_INFORMATION PROVIDED:_

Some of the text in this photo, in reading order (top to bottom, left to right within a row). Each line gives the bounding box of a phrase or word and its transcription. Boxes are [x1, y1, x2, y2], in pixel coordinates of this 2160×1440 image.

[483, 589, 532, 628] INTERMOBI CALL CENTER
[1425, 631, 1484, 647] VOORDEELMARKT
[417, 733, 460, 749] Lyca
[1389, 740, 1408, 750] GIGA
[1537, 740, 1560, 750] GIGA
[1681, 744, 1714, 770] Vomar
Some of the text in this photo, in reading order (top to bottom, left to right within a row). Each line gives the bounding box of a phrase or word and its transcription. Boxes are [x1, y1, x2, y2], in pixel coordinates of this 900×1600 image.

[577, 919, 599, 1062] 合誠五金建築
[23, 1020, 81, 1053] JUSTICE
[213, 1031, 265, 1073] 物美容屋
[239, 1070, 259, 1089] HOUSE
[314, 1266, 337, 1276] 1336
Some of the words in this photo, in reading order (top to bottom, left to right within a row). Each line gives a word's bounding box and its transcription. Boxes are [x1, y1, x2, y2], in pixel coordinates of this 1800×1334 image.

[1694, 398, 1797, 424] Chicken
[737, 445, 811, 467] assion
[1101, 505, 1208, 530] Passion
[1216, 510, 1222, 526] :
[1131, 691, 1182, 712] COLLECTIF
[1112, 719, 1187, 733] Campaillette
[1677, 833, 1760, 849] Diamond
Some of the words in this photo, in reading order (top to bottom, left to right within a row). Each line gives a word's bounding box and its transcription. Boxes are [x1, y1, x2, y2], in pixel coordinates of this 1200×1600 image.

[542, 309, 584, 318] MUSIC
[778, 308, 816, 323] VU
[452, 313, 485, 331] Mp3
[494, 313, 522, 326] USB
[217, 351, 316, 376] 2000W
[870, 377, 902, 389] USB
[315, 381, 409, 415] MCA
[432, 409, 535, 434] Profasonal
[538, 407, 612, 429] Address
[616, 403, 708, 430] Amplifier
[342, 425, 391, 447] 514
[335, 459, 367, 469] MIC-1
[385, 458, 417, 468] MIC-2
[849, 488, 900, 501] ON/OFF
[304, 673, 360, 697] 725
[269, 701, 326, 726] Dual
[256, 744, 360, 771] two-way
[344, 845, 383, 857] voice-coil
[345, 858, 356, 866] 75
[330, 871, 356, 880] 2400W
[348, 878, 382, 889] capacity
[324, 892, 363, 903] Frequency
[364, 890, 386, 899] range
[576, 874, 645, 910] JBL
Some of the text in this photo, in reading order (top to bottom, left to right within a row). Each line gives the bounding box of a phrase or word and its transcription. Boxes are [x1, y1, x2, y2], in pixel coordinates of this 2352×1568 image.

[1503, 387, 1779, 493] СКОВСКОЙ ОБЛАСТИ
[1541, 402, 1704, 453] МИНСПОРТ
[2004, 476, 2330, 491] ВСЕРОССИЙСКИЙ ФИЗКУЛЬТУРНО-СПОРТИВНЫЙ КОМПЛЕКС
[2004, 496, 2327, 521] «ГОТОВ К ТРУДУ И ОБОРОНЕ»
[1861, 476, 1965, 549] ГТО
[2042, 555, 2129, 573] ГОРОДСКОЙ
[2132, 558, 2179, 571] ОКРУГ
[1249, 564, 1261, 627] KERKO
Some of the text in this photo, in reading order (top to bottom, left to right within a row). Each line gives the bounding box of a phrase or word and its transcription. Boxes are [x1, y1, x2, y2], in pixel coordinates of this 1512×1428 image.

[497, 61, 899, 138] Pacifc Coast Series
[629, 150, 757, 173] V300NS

_ASSIGNED TASK:_ Each line from the one containing "this 1512×1428 image." through the end of the listing above should be copied exactly, with no other line included.

_TASK RESPONSE:_
Some of the text in this photo, in reading order (top to bottom, left to right within a row). Each line gives the bounding box of a phrase or word and its transcription. Boxes are [x1, y1, x2, y2], in pixel coordinates of this 1512×1428 image.

[497, 61, 899, 138] Pacifc Coast Series
[629, 150, 757, 173] V300NS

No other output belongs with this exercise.